--- PROVIDED RECORDS ---

····················

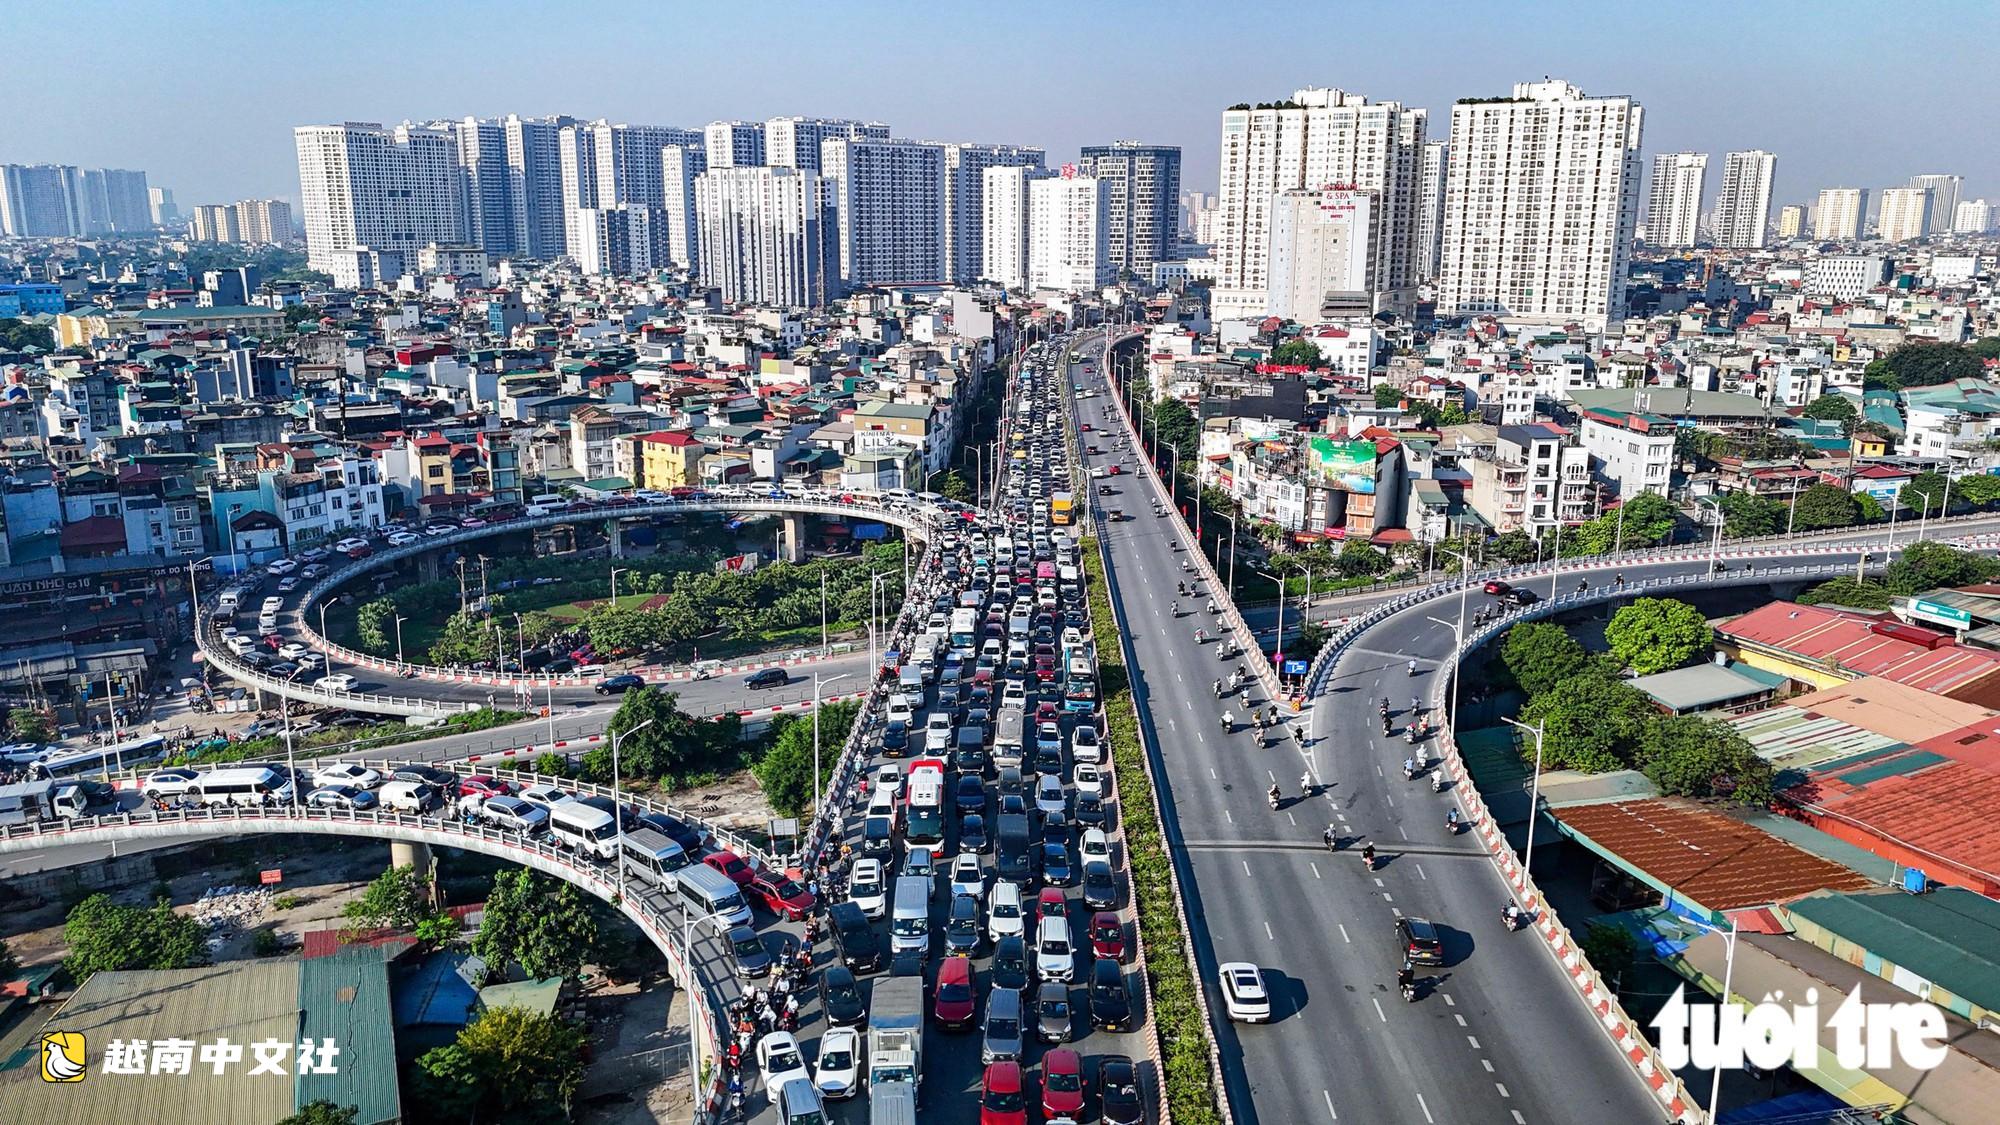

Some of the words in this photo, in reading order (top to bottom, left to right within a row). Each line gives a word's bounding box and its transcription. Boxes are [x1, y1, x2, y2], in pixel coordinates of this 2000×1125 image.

[1078, 165, 1098, 177] MB
[1335, 192, 1350, 200] SPA
[863, 437, 894, 447] LILY
[79, 578, 90, 588] 10

····················

--- BRIEF ---
Retype the data word for word and keep the pictures out of it.

--- REPLY ---
Some of the words in this photo, in reading order (top to bottom, left to right within a row). Each line gives a word's bounding box and its transcription. Boxes are [x1, y1, x2, y2], in pixel coordinates of this 2000×1125 image.

[1078, 165, 1098, 177] MB
[1335, 192, 1350, 200] SPA
[863, 437, 894, 447] LILY
[79, 578, 90, 588] 10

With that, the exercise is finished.